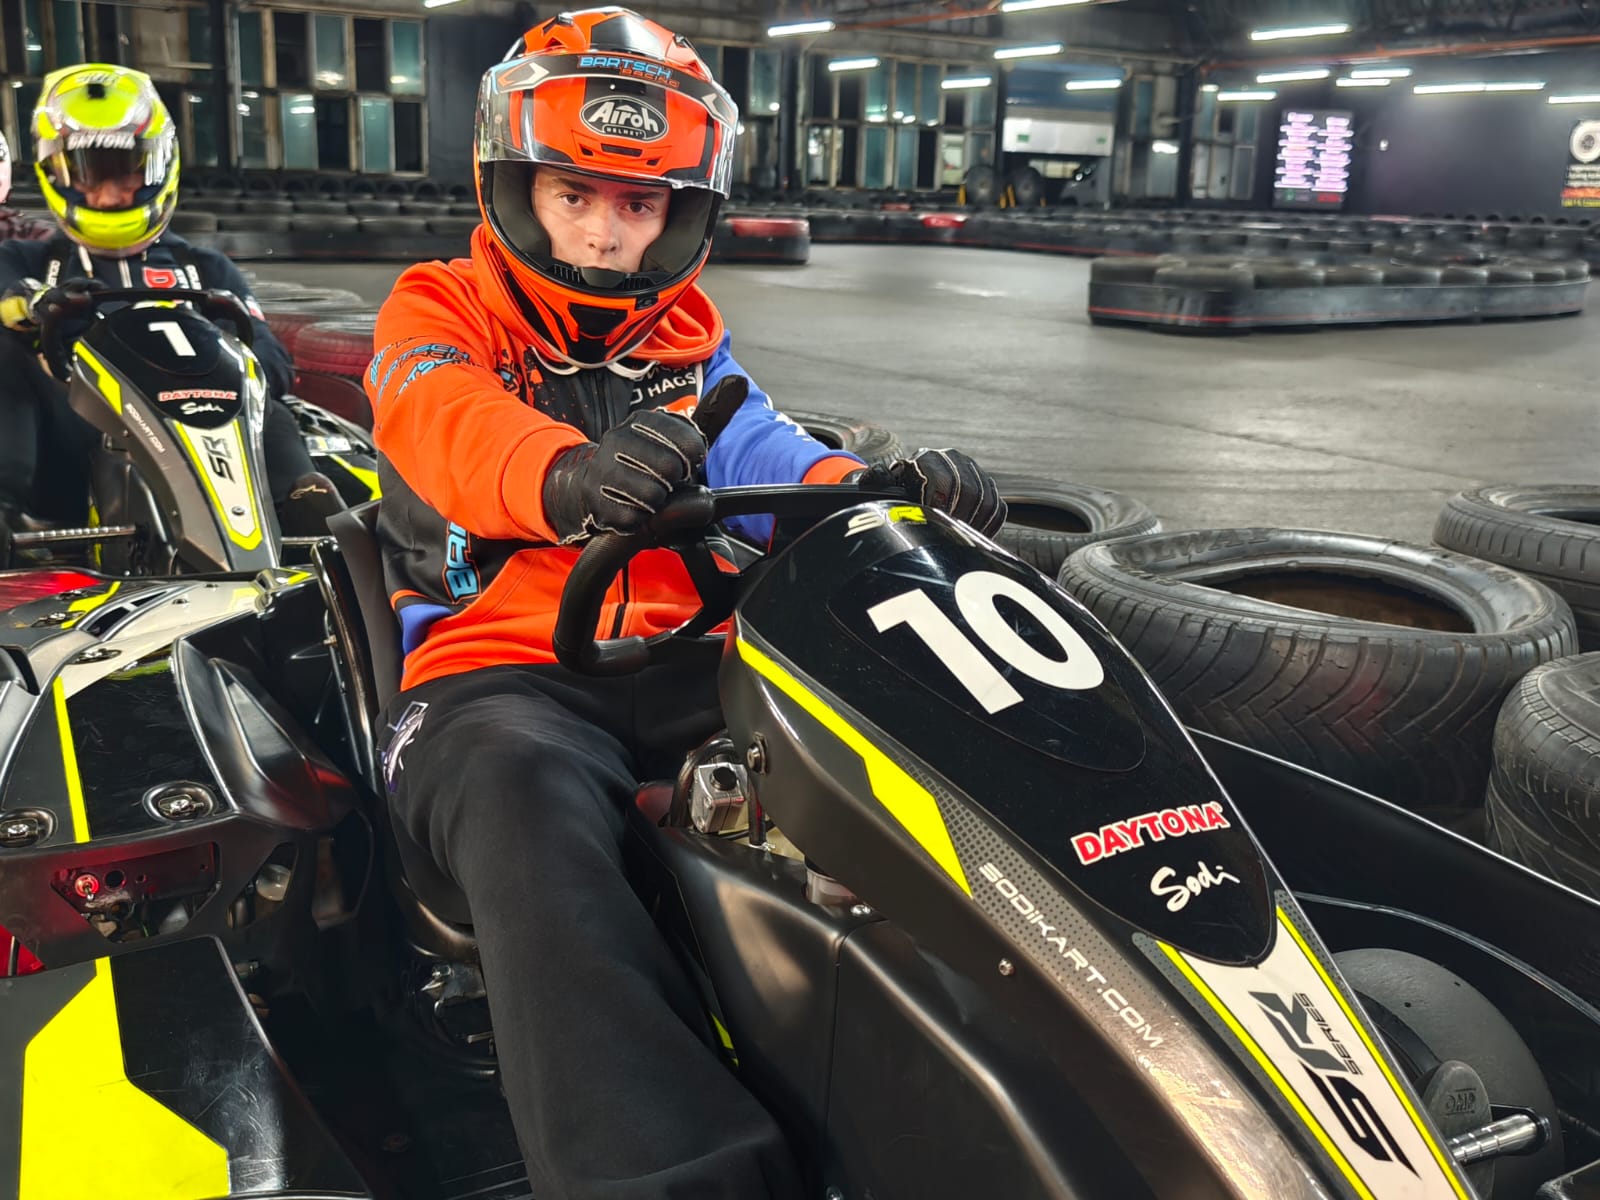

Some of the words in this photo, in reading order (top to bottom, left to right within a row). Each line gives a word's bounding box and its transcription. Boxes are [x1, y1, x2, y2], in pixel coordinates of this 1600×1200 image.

[579, 56, 672, 79] BARTSCH
[621, 69, 680, 88] RACING
[589, 101, 659, 132] Airoh
[148, 321, 197, 356] 1
[158, 389, 238, 402] DAYTONA
[866, 570, 1105, 715] 10
[1150, 861, 1240, 912] Sodi
[1296, 992, 1364, 1076] SERIES
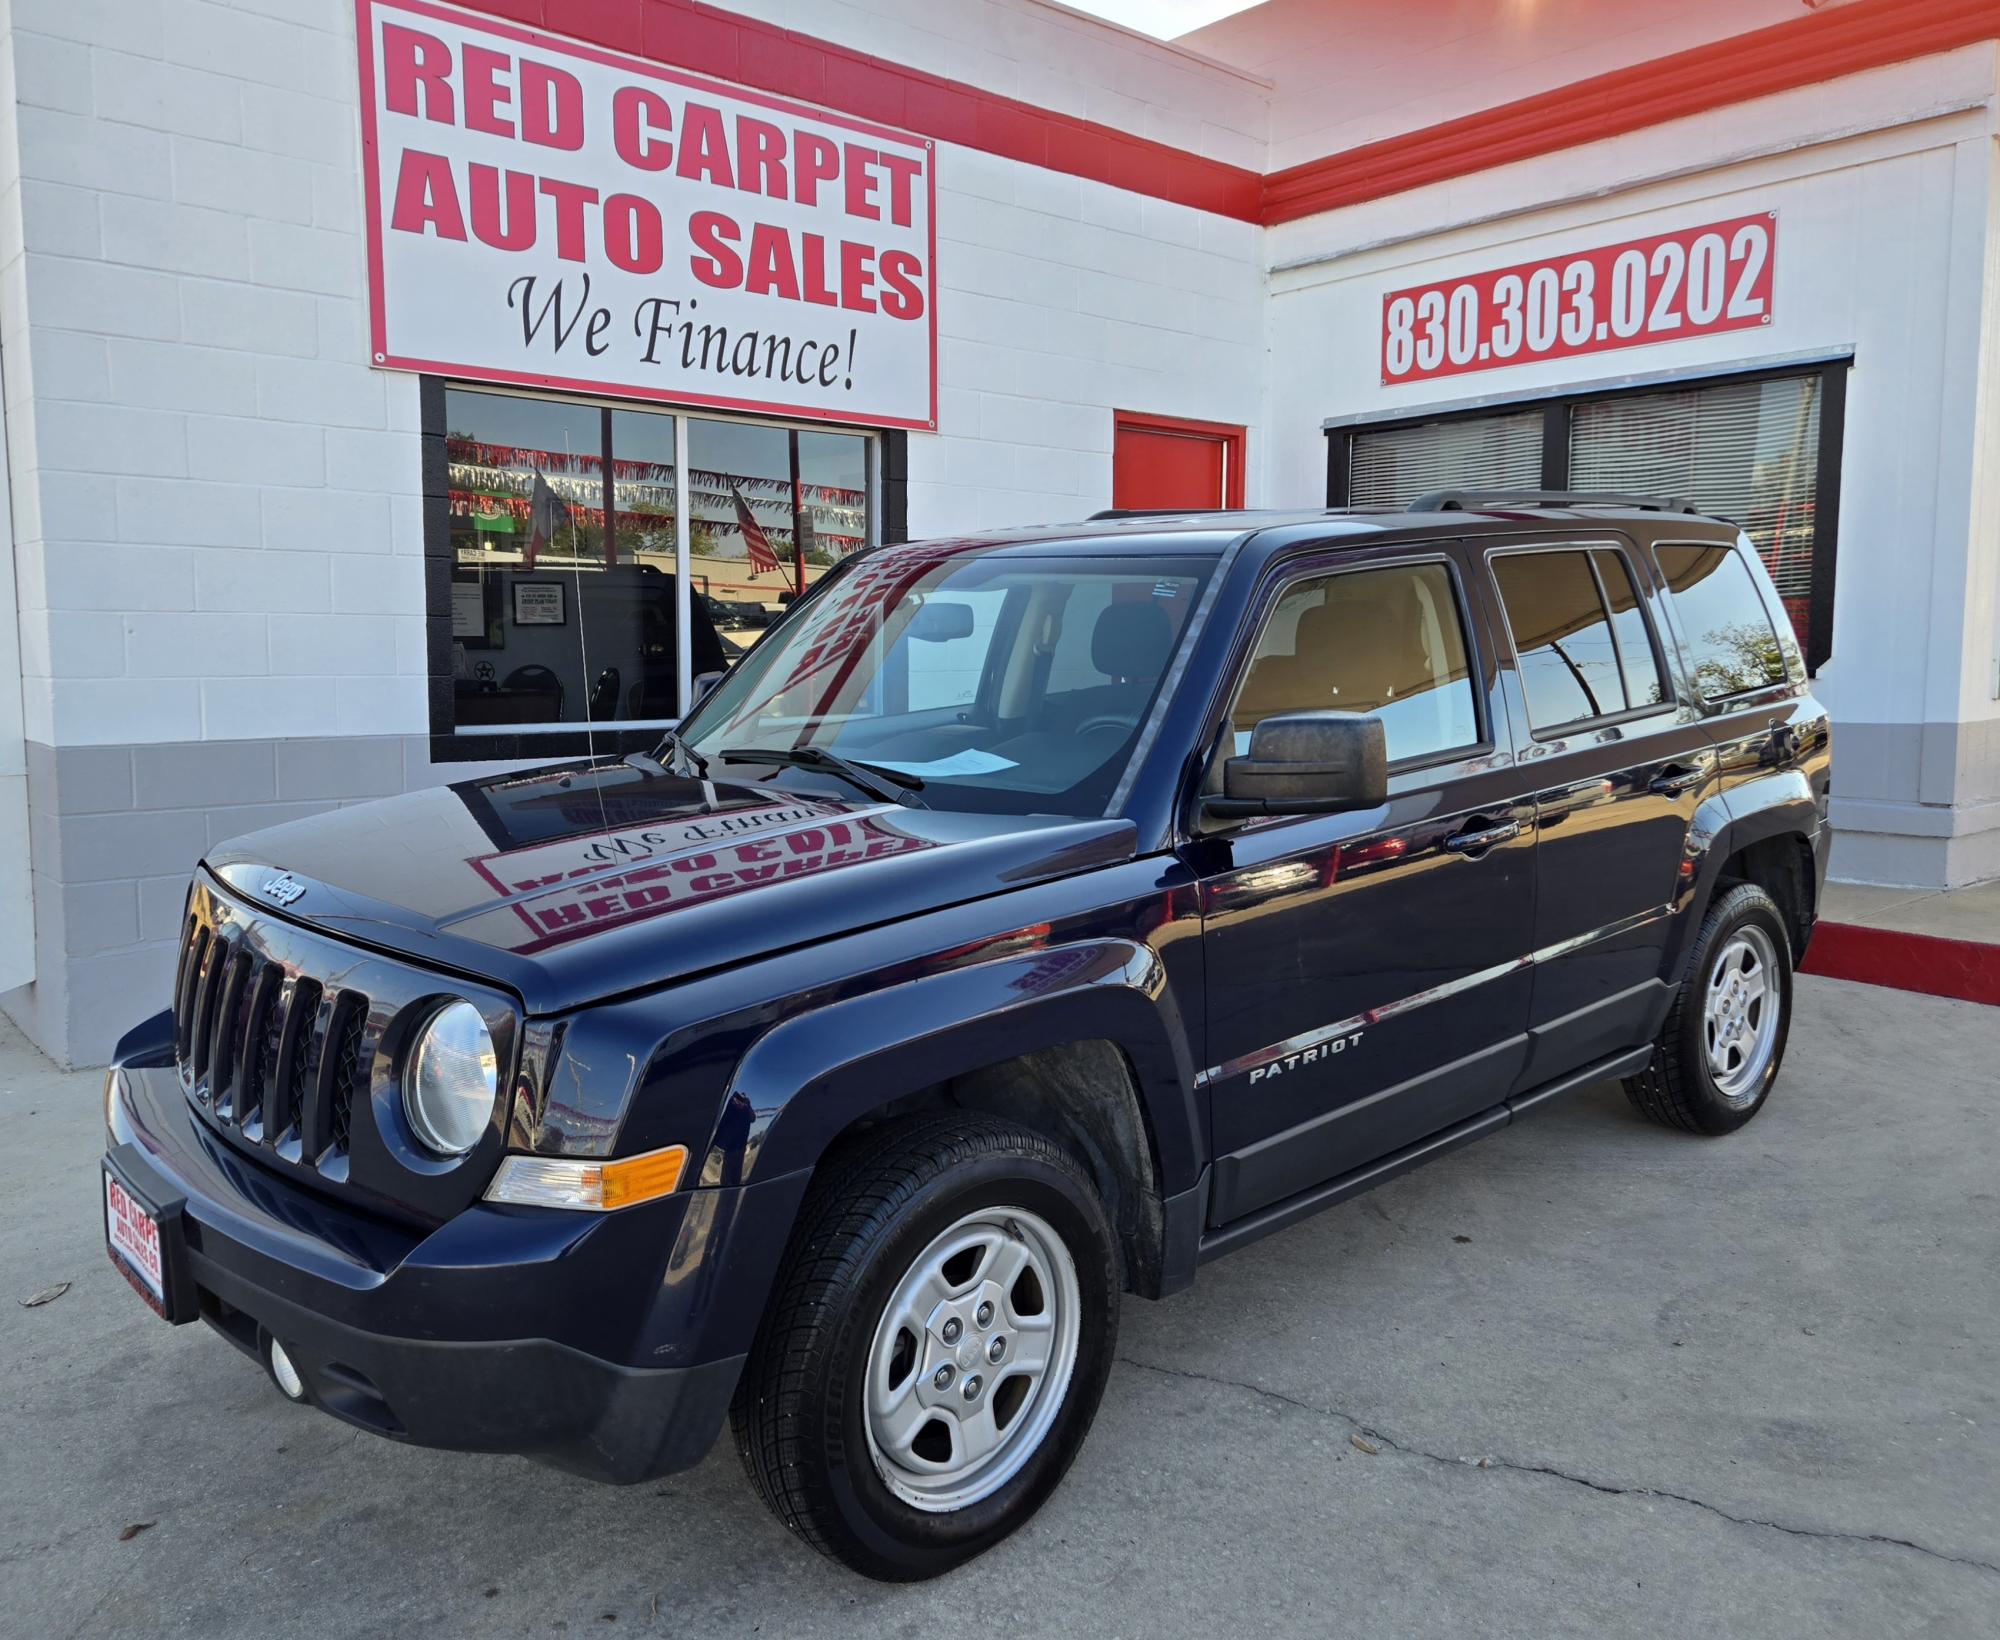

----------

## Problem to work on:
Give the data again exactly as written, with all pictures left out.

## Written solution:
Some of the words in this photo, in reading order (top to bottom, left to right within a row). Each line gives a word's bounding box and its transcription. Boxes are [x1, y1, x2, y2], in pixel coordinates of this 1600×1200 image.

[579, 56, 672, 79] BARTSCH
[621, 69, 680, 88] RACING
[589, 101, 659, 132] Airoh
[148, 321, 197, 356] 1
[158, 389, 238, 402] DAYTONA
[866, 570, 1105, 715] 10
[1150, 861, 1240, 912] Sodi
[1296, 992, 1364, 1076] SERIES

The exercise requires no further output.